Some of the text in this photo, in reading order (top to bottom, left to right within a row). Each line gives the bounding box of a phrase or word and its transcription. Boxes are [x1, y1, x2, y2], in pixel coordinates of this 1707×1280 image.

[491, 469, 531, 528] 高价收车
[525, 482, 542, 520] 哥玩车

==========

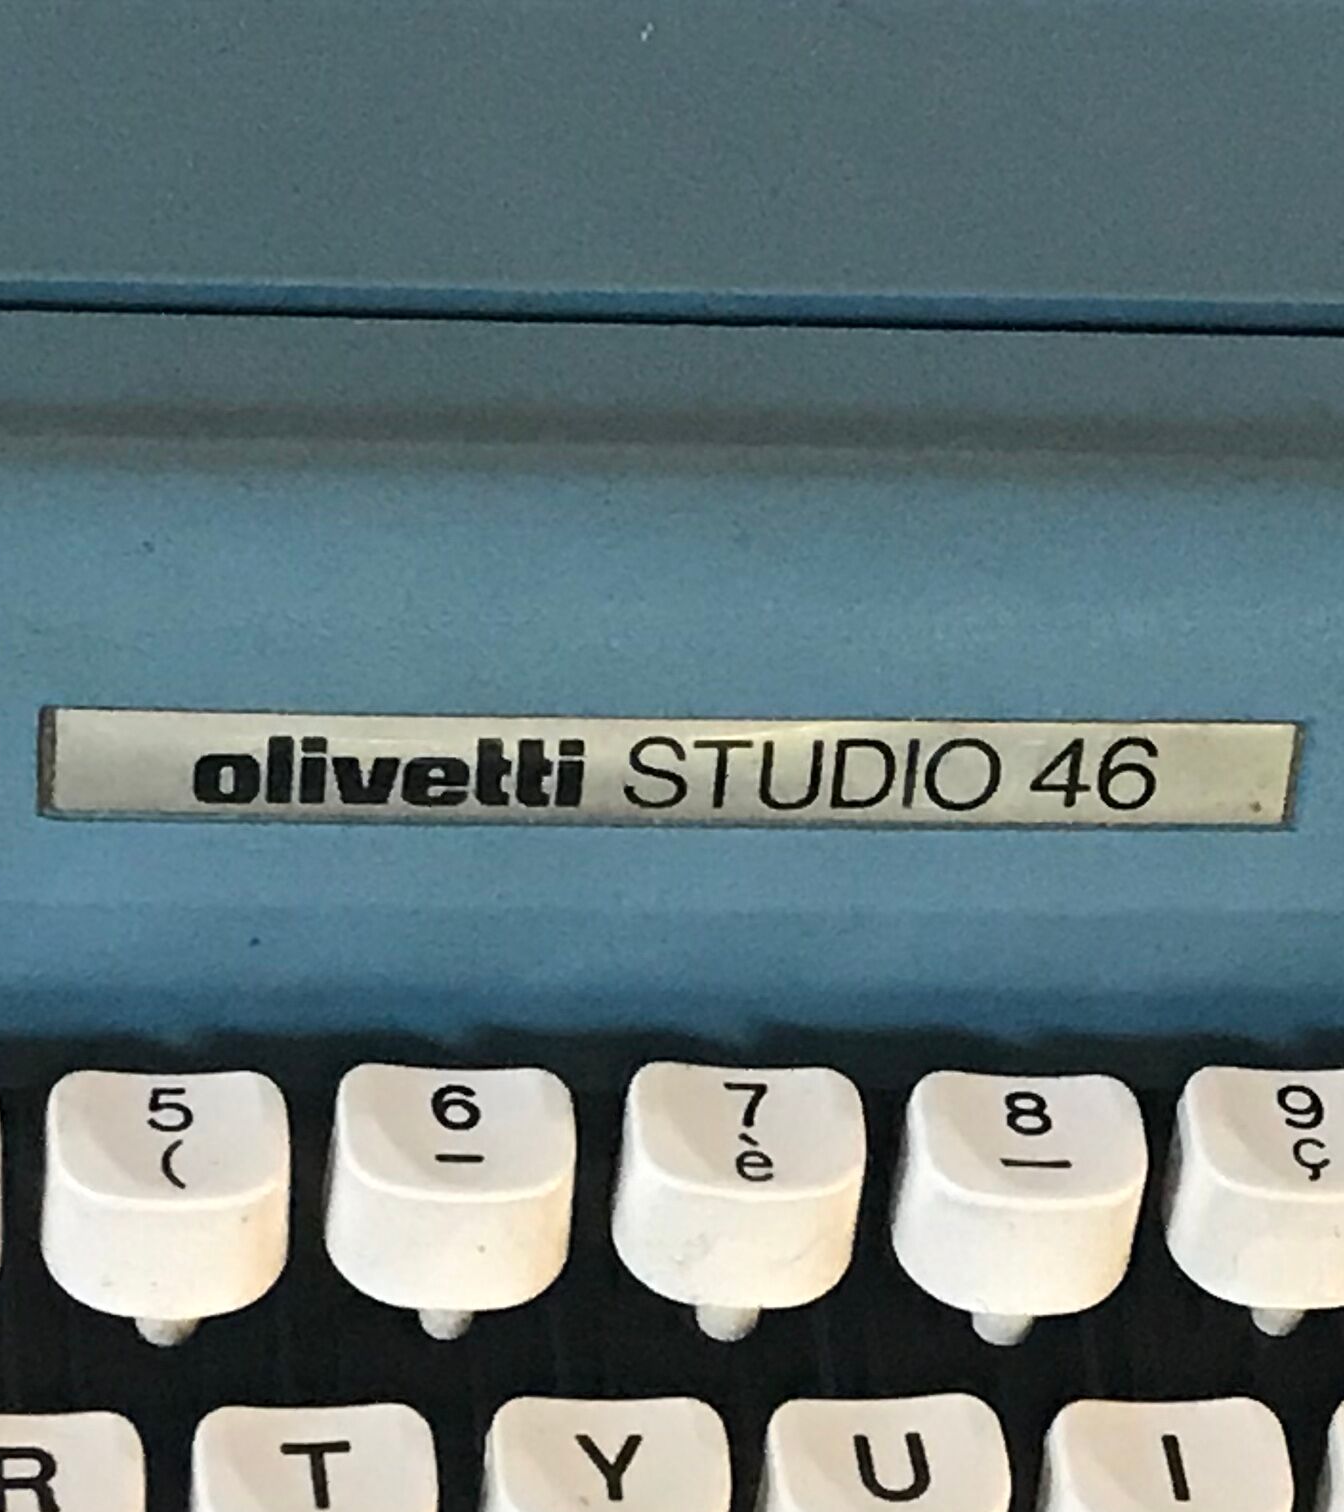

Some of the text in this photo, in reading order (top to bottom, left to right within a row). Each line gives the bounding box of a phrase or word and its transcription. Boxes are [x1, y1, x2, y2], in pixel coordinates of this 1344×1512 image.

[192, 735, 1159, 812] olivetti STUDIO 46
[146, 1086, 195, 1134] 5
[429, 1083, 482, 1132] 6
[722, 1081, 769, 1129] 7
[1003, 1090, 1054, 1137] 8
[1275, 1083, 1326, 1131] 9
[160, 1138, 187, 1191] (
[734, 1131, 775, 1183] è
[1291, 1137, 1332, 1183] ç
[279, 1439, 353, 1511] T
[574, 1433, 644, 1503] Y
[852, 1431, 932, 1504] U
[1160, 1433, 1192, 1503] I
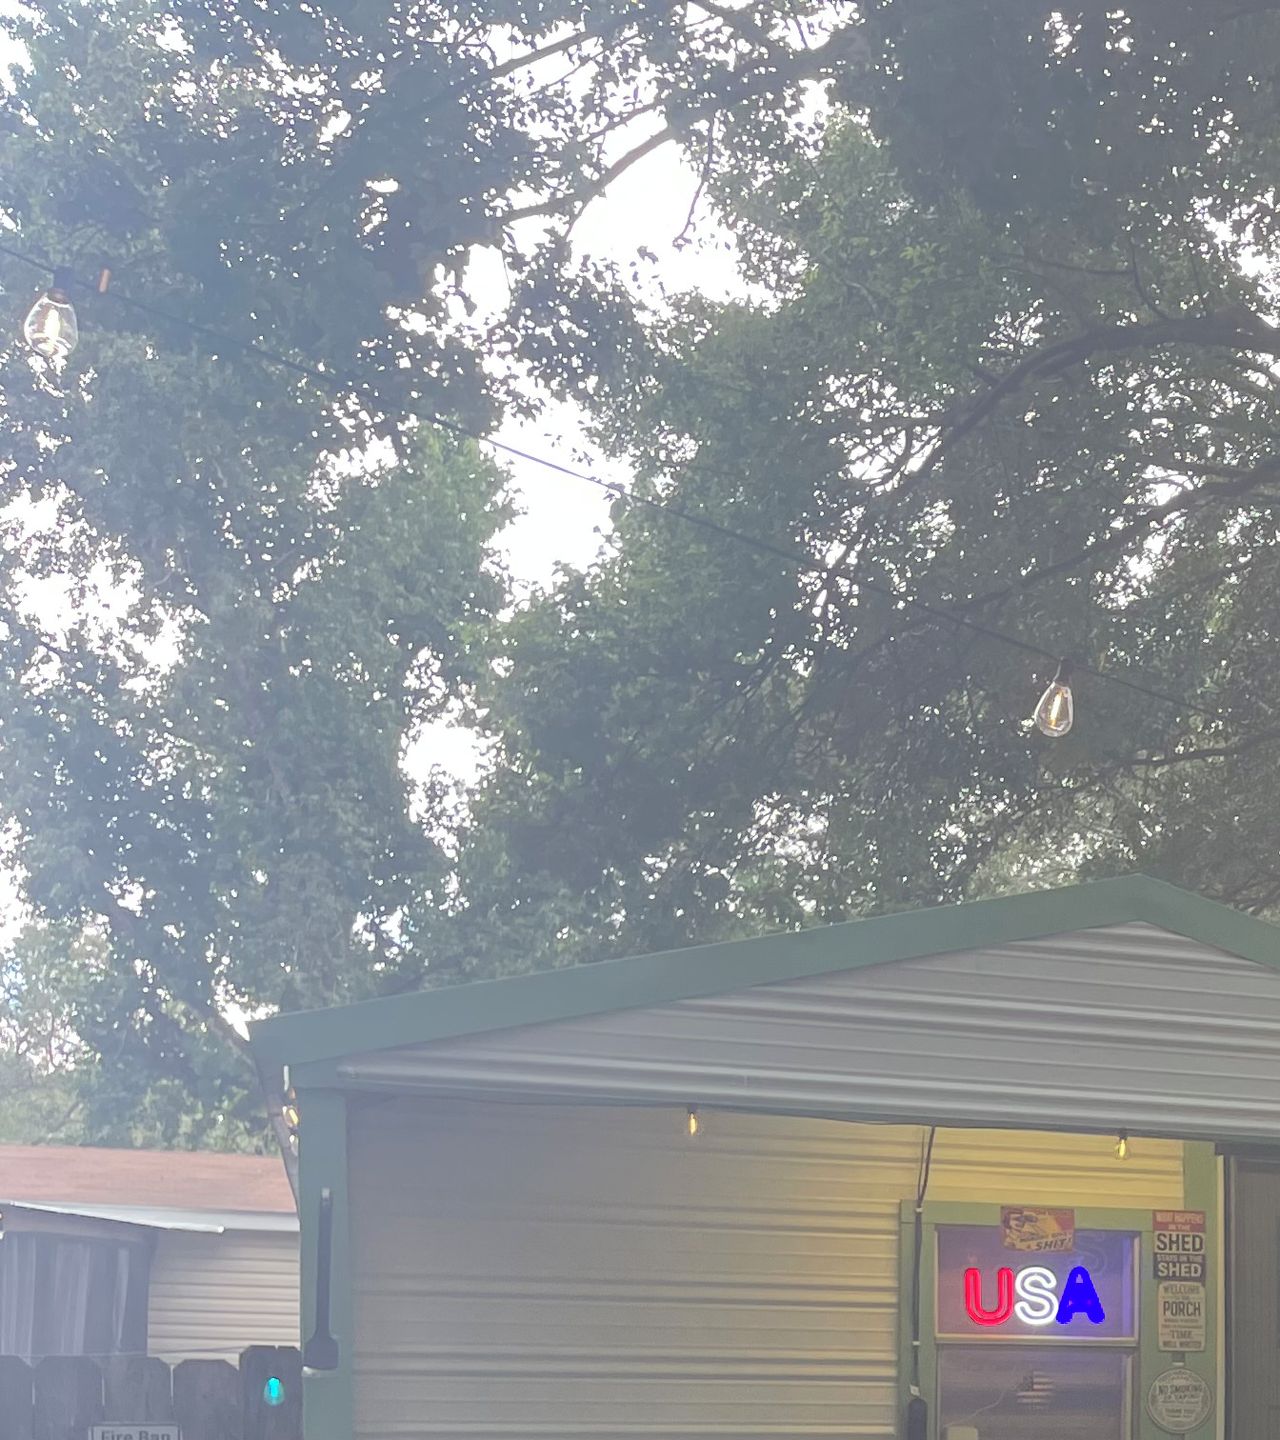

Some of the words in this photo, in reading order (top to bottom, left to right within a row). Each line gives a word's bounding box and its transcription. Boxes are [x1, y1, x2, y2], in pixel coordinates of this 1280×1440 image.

==========

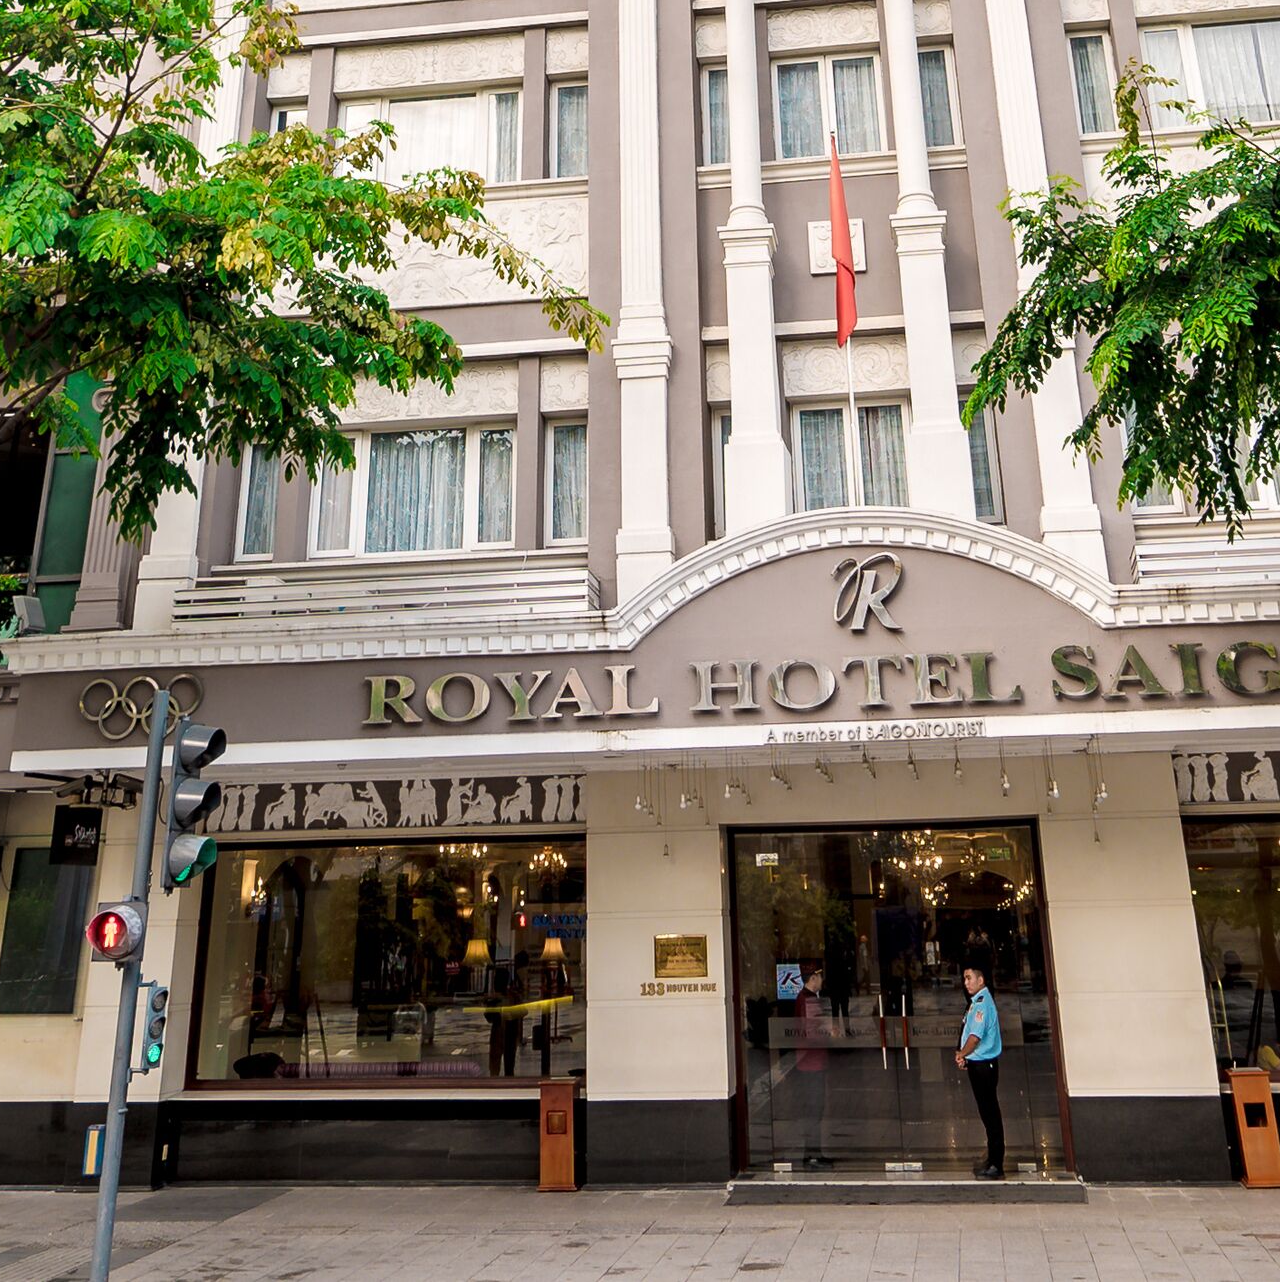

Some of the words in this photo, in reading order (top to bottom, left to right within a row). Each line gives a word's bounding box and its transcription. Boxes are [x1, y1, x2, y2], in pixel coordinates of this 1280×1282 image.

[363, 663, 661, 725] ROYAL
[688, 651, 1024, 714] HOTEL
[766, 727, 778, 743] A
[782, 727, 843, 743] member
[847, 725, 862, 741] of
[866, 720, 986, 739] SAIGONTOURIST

==========

- What this task involves
Only the lines above starting with the line with "this 1344×1512 image." and going on through the line with "this 1280×1440 image." belong in the answer; repeat them exactly, minus any picture.

- Problem solution
Some of the text in this photo, in reading order (top to bottom, left to right within a row). Each line gives the bounding box of a phrase or word and its transcription. Boxes are [x1, y1, x2, y2], in pixel coordinates of this 1344×1512 image.

[192, 735, 1159, 812] olivetti STUDIO 46
[146, 1086, 195, 1134] 5
[429, 1083, 482, 1132] 6
[722, 1081, 769, 1129] 7
[1003, 1090, 1054, 1137] 8
[1275, 1083, 1326, 1131] 9
[160, 1138, 187, 1191] (
[734, 1131, 775, 1183] è
[1291, 1137, 1332, 1183] ç
[279, 1439, 353, 1511] T
[574, 1433, 644, 1503] Y
[852, 1431, 932, 1504] U
[1160, 1433, 1192, 1503] I

Some of the words in this photo, in reading order (top to bottom, left to right within a row). Each line gives a word's bounding box and its transcription. Boxes are [x1, y1, x2, y2], in pixel coordinates of this 1280×1440 image.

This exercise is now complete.